Some time ago, bell hooks wrote an essay entitled "Confronting Class in the Classroom". This essay hit home for me. It was as if she were having a conversation with me about what I was feeling and thinking about. It was as if she was saying, "Ayanna, everything you are feeling is normal." She was conforting me about being estranged in a classroom designed to be inclusive. If she were there with me at that moment I would have given her a high five on several statements she made. I reflected later about it and retorted, "Get out of my row, bell!"
I felt the need to share this in light of the fact that bell and I having similiar life and educational experiences. In her essay, she mentions cases of students, including herself, being silenced during class discussions because their commments would not be accepted , but be judged. Yet, her passion for knowledge forced her to digest the psuedo justice and equity that dangled in front of her and sit in silence and just learn. She and I have learned many lessons and our classroom status from a working and poor family was one of them. The most important lesson was not about the content of the course, but about how to cope and tolerate people's opinions of how they view your standing.
This hunger for epistemology caused her to remain silent and not be calculated, for the class was not about class at all, but class standing in society. Her dialect, comments, mannerisms, and critical approach to discussion would reveal her families economic background. This was not accepted, to talk about classism despite being in the most liberal setting. Even though her setting was often a platform for equity for all humans mainly women, she remained silent, because her contributions to the conversation of her reality would not be accepted. Her contributions rested upon the backs of poor women in her past that beared the double burden of being Black and being a woman.
In many ways, I am bell in our doctoral program. My thoughts and feelings are not welcomed because it isn't the nice or frilly reality many people live with. My life is a reflection of all that went wrong with poor black people, like a news channel, 75% negative and 23% positive and 2% who cares. bell made me accept or at least to ponder about normalized conversation and eccentric comments. because I received confirmatio, that I was not alone, I am able to move on with out despair and dissapointment. I am convinced and calmed from reading her essay that society makes baby steps when it comes to true equity.

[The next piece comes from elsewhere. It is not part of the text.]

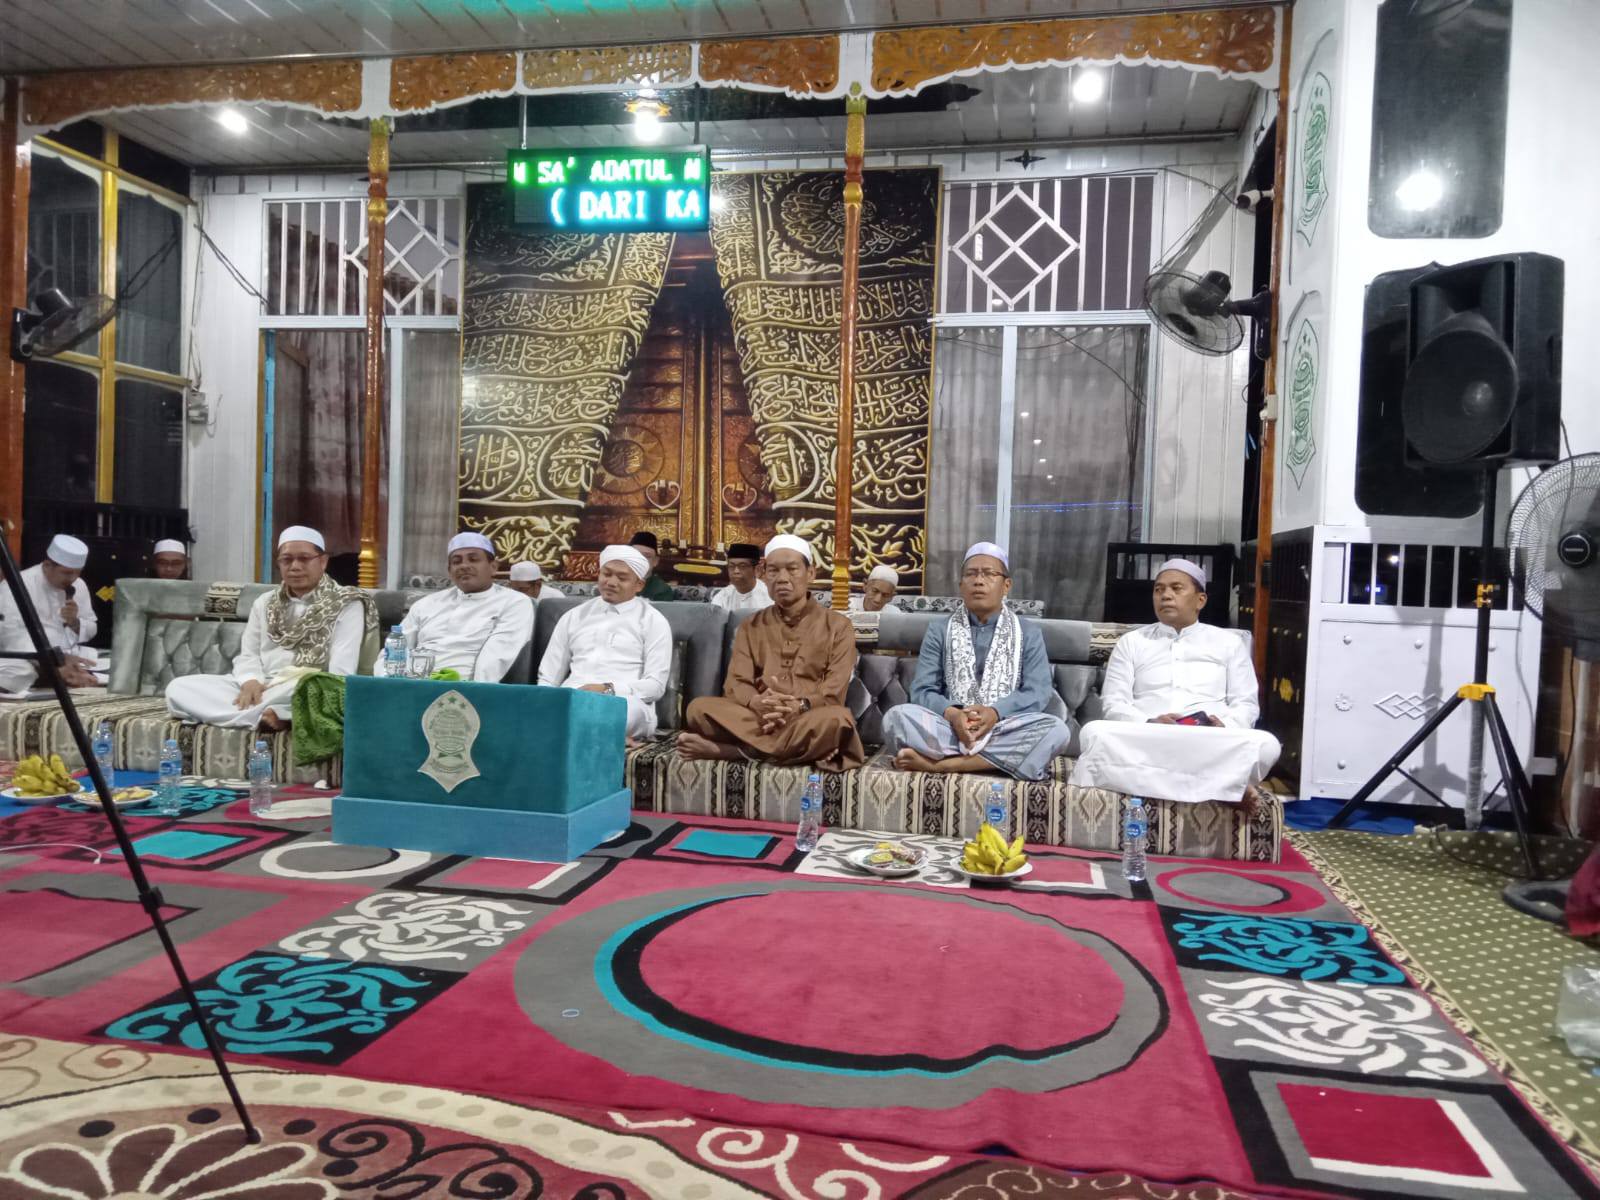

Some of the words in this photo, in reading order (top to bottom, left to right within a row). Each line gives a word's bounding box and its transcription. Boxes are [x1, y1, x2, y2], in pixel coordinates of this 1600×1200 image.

[590, 159, 673, 181] ADATUL
[579, 190, 646, 220] DARI
[666, 189, 701, 218] KA

It not the fault of the class, but a sign of the progress we have made with classim.
I am not dissapointed in my peers because at least they are trying. I am not upset that I can't voice my opinion as openly and as widely as everyone else. I am simply anxious. I am anxious for a moment when we can all openly share without any race or class of people feeling guilty. My favorite quote from her is:
A distinction must be made between shallow emphasis on coming to voice, which wrongly suggests there can be some democratization of voice wherein everyone's words wil be given time and seen as equally valuable....
Subscribe to:
Post Comments (Atom)
As the doppelganger of bell hooks you have an esteemed colleague with whom you can share your experiences. In the vernacular of critical theory you are have identified the core of your critical consciousness. This transcendental state has been arrived at during the course of much observation and reflection on your part, and you are to be commended for this. Others however, are either unconscious of the deligitimizing epistemologies you see or dysconscious (purposefully ignorant) of the circumstances you are all-to-aware of. Some are threatened by the possibility that everything they know and accept as truth has been a myth. And you, aka: bell hooks, are at the enviable level where you can easily demystify untruths.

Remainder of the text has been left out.